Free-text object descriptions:

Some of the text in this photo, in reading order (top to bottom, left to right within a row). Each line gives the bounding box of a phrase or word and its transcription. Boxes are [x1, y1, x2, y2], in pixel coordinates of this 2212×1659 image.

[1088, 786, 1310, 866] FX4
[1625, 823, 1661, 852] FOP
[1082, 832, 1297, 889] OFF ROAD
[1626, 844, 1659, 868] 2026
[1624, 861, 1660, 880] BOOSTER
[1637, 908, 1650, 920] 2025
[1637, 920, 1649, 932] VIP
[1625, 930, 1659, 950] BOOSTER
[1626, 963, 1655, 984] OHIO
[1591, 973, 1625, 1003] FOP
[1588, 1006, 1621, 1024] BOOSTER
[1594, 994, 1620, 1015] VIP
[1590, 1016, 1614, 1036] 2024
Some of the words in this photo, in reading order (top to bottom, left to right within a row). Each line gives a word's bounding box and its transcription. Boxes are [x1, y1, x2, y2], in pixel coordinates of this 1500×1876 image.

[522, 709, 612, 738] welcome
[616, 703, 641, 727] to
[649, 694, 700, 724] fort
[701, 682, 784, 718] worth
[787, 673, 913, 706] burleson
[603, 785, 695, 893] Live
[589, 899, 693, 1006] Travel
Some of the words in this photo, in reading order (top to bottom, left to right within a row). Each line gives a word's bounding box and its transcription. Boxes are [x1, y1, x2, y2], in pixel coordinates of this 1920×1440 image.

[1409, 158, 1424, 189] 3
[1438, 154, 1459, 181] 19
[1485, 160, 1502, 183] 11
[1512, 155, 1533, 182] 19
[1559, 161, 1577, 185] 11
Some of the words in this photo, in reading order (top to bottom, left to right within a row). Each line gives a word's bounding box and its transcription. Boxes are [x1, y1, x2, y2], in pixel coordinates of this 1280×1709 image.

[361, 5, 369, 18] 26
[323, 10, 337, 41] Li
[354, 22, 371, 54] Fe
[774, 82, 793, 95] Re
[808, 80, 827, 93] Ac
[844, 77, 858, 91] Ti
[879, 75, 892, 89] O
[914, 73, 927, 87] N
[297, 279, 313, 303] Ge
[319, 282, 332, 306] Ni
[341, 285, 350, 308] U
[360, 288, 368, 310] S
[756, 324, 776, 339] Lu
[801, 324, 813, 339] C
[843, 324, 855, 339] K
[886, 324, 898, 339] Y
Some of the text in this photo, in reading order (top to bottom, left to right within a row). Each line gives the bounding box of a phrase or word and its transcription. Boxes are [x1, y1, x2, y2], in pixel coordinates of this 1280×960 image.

About this task: An exact reproduction of all the records is needed.

Written answer:
Some of the text in this photo, in reading order (top to bottom, left to right within a row). Each line gives the bounding box of a phrase or word and its transcription. Boxes are [x1, y1, x2, y2], in pixel coordinates of this 2212×1659 image.

[1088, 786, 1310, 866] FX4
[1625, 823, 1661, 852] FOP
[1082, 832, 1297, 889] OFF ROAD
[1626, 844, 1659, 868] 2026
[1624, 861, 1660, 880] BOOSTER
[1637, 908, 1650, 920] 2025
[1637, 920, 1649, 932] VIP
[1625, 930, 1659, 950] BOOSTER
[1626, 963, 1655, 984] OHIO
[1591, 973, 1625, 1003] FOP
[1588, 1006, 1621, 1024] BOOSTER
[1594, 994, 1620, 1015] VIP
[1590, 1016, 1614, 1036] 2024
Some of the words in this photo, in reading order (top to bottom, left to right within a row). Each line gives a word's bounding box and its transcription. Boxes are [x1, y1, x2, y2], in pixel coordinates of this 1500×1876 image.

[522, 709, 612, 738] welcome
[616, 703, 641, 727] to
[649, 694, 700, 724] fort
[701, 682, 784, 718] worth
[787, 673, 913, 706] burleson
[603, 785, 695, 893] Live
[589, 899, 693, 1006] Travel
Some of the words in this photo, in reading order (top to bottom, left to right within a row). Each line gives a word's bounding box and its transcription. Boxes are [x1, y1, x2, y2], in pixel coordinates of this 1920×1440 image.

[1409, 158, 1424, 189] 3
[1438, 154, 1459, 181] 19
[1485, 160, 1502, 183] 11
[1512, 155, 1533, 182] 19
[1559, 161, 1577, 185] 11
Some of the words in this photo, in reading order (top to bottom, left to right within a row). Each line gives a word's bounding box and its transcription. Boxes are [x1, y1, x2, y2], in pixel coordinates of this 1280×1709 image.

[361, 5, 369, 18] 26
[323, 10, 337, 41] Li
[354, 22, 371, 54] Fe
[774, 82, 793, 95] Re
[808, 80, 827, 93] Ac
[844, 77, 858, 91] Ti
[879, 75, 892, 89] O
[914, 73, 927, 87] N
[297, 279, 313, 303] Ge
[319, 282, 332, 306] Ni
[341, 285, 350, 308] U
[360, 288, 368, 310] S
[756, 324, 776, 339] Lu
[801, 324, 813, 339] C
[843, 324, 855, 339] K
[886, 324, 898, 339] Y
Some of the text in this photo, in reading order (top to bottom, left to right within a row). Each line gives the bounding box of a phrase or word and its transcription. Boxes are [x1, y1, x2, y2], in pixel coordinates of this 1280×960 image.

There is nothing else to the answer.